Ver o Caveira daquele jeito me derrubou. Eu sempre soube que pra minha cabeça mermo, era melhor levar um tiro do que ver o mano estirado no chão. Eu tava certo, na moral. O Caveira é meu chefe, mas é meu amigo e muito além disso também, ele é meu irmão. 

Foi ele que me tirou de uma vida de merda e me deu a opção de escolher a parada que eu ia ser. Ele colocou fé no meu potencial e meteu logo um cargo altão pra mim no bagulho. Antes de eu ter grana pra sustentar minha família, aquele pau no cu bancou tudo que precisava na minha casa e tudo que minha coroa queria. 
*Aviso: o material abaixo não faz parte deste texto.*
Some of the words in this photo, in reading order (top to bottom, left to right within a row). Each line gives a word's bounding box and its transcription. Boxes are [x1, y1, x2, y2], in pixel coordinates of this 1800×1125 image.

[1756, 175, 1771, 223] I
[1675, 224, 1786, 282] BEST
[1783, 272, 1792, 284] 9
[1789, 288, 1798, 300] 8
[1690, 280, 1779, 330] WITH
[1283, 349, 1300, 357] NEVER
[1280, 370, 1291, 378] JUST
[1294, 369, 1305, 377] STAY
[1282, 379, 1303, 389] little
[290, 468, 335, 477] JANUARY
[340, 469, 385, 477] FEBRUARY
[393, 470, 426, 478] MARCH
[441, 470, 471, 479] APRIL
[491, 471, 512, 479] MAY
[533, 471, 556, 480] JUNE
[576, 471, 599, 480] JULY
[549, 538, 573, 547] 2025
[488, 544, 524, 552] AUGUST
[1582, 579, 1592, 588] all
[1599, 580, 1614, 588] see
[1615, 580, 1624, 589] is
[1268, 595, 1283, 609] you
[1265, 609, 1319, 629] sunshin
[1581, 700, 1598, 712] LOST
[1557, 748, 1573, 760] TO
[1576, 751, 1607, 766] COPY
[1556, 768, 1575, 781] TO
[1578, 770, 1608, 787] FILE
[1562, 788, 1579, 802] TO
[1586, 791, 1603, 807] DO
Quando os médicos levaram ele pra uma sala e eu não podia entrar, respirei fundo antes de voltar pra recepção onde os moleque tavam tudo. Passei a mão no rosto sabendo que uma hora ou outra eu ia ter que ligar pra mãe dele, pra irmã, pro TH e avisar pra Rafa. Eu nem sabia como fazer uma parada assim. 

Voltei pra recepção e todo mundo já veio me encher de pergunta e eu já meti logo um serinho, falando que não sabia e sentei numa cadeira mais afastada. Precisava pensar. 
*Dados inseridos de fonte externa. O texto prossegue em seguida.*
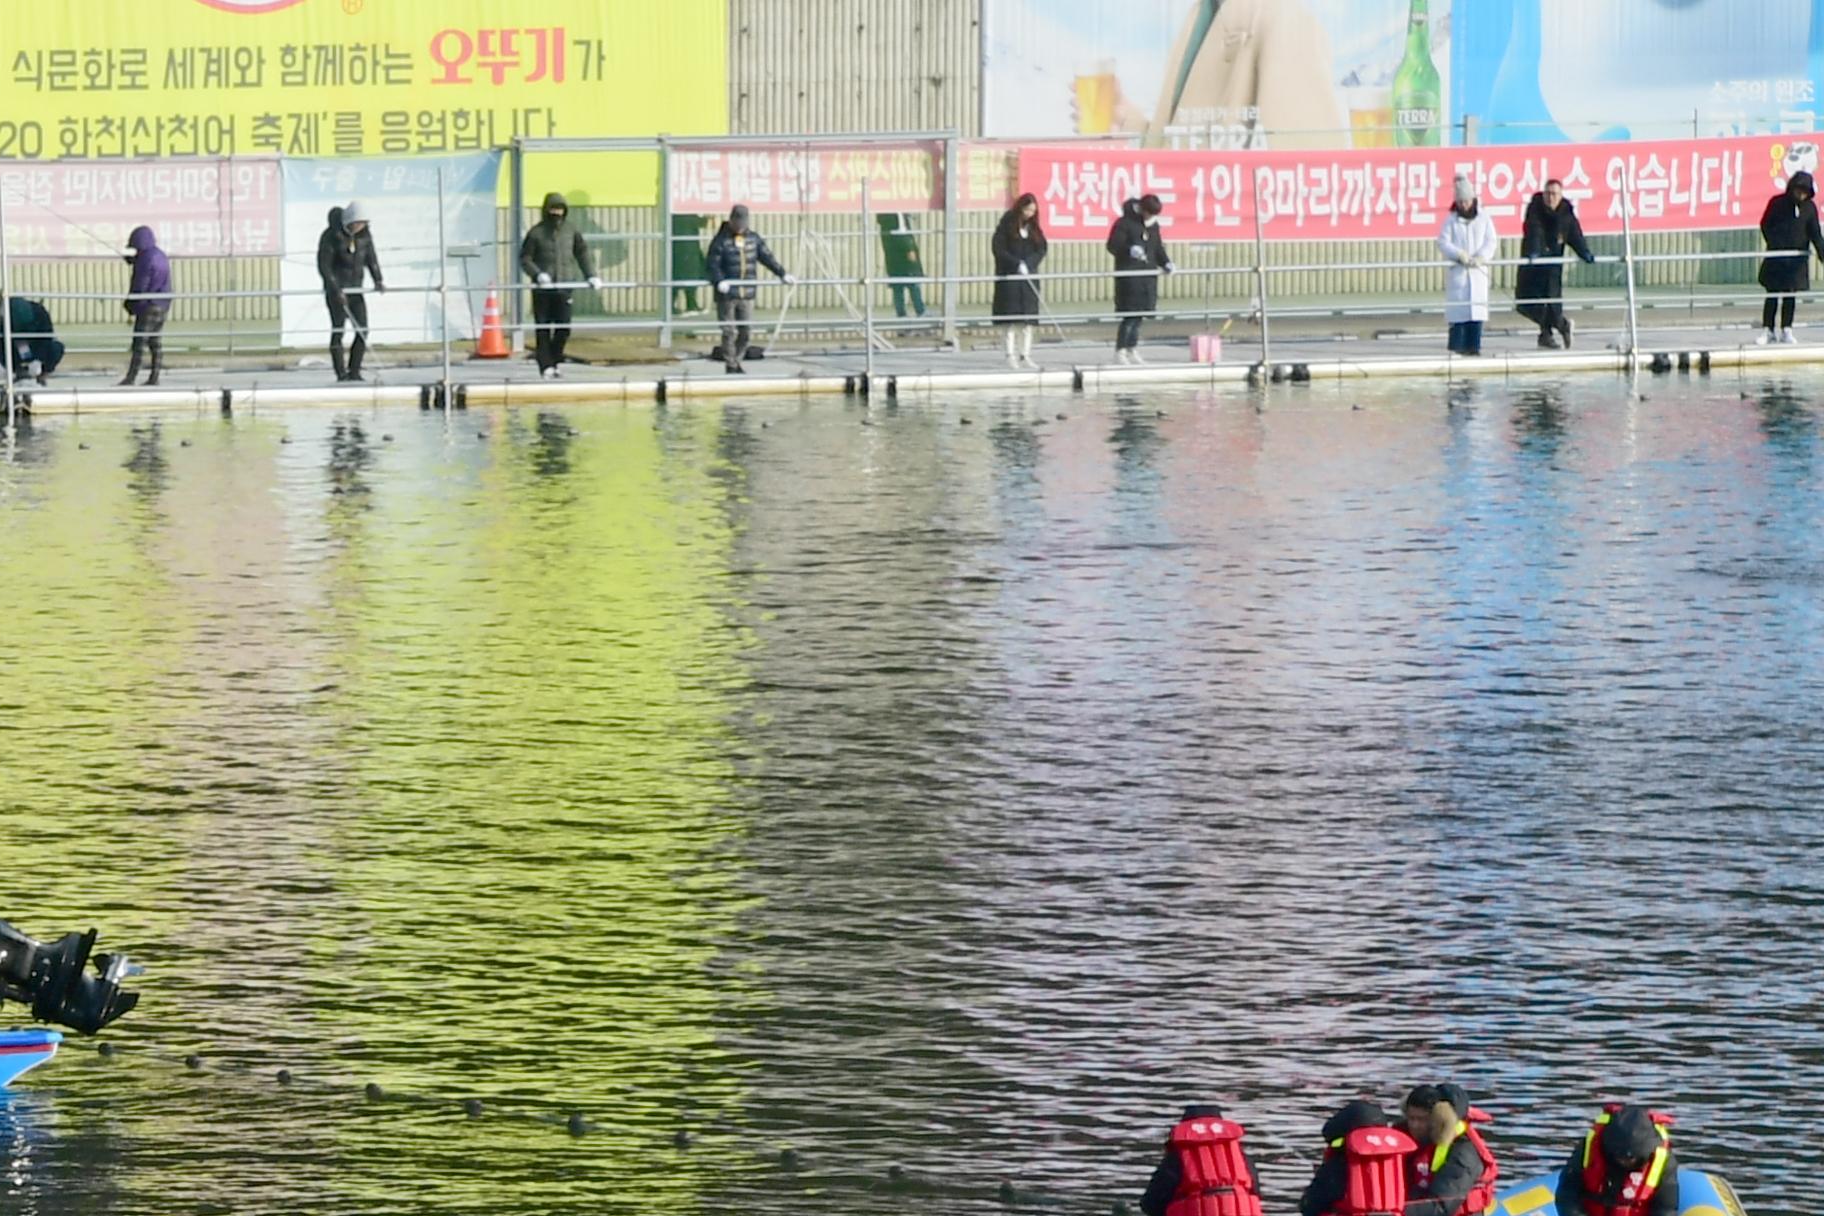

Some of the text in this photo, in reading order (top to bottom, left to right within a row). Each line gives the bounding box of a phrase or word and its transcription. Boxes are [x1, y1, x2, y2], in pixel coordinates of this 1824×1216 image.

[12, 48, 149, 92] 식문화로
[163, 46, 266, 89] 세계와
[279, 43, 414, 87] 함께하는
[1709, 79, 1815, 104] 소주의 원조
[57, 112, 235, 159] 화천산천어
[251, 111, 365, 155] 축제'를
[379, 107, 557, 153] 응원합니다
[1397, 108, 1437, 125] TERRA
[1043, 161, 1176, 227] 산천어는
[1190, 163, 1242, 227] 1인
[1256, 160, 1440, 228] 3마리까지만
[1561, 156, 1594, 223] 수
[1605, 149, 1743, 220] 있습니다!
— Já ligou pra coroa do mano? — D2 para na minha frente e coloca a mão na minha cabeça.

— Ainda não. — balanço a cabeça negando.

— Vai logo, cara. Quanto mais demorar pra fazer, pior vai ser. Só faz de uma vez. — levanto a cabeça e encaro ele. 

Ele tava certo. Eu queria que o Caveira saísse de lá e ele mermo pudesse avisar pra família dele, mas o papo é que eu nem sei quanto tempo isso pode demorar. Pego o meu celular do bolso, discando o número do TH, ele vai ser o primeiro. Depois de chamar umas quatro vezes, ele atende.

— Qual a boa, molecote? — ele diz feliz e eu respiro fundo.

— TH, é o Caveira. — ele não fala nada do outro lado e eu continuo. — Pegaram ele na covardia, encheram o mano de bala. Ele tá no hospital. 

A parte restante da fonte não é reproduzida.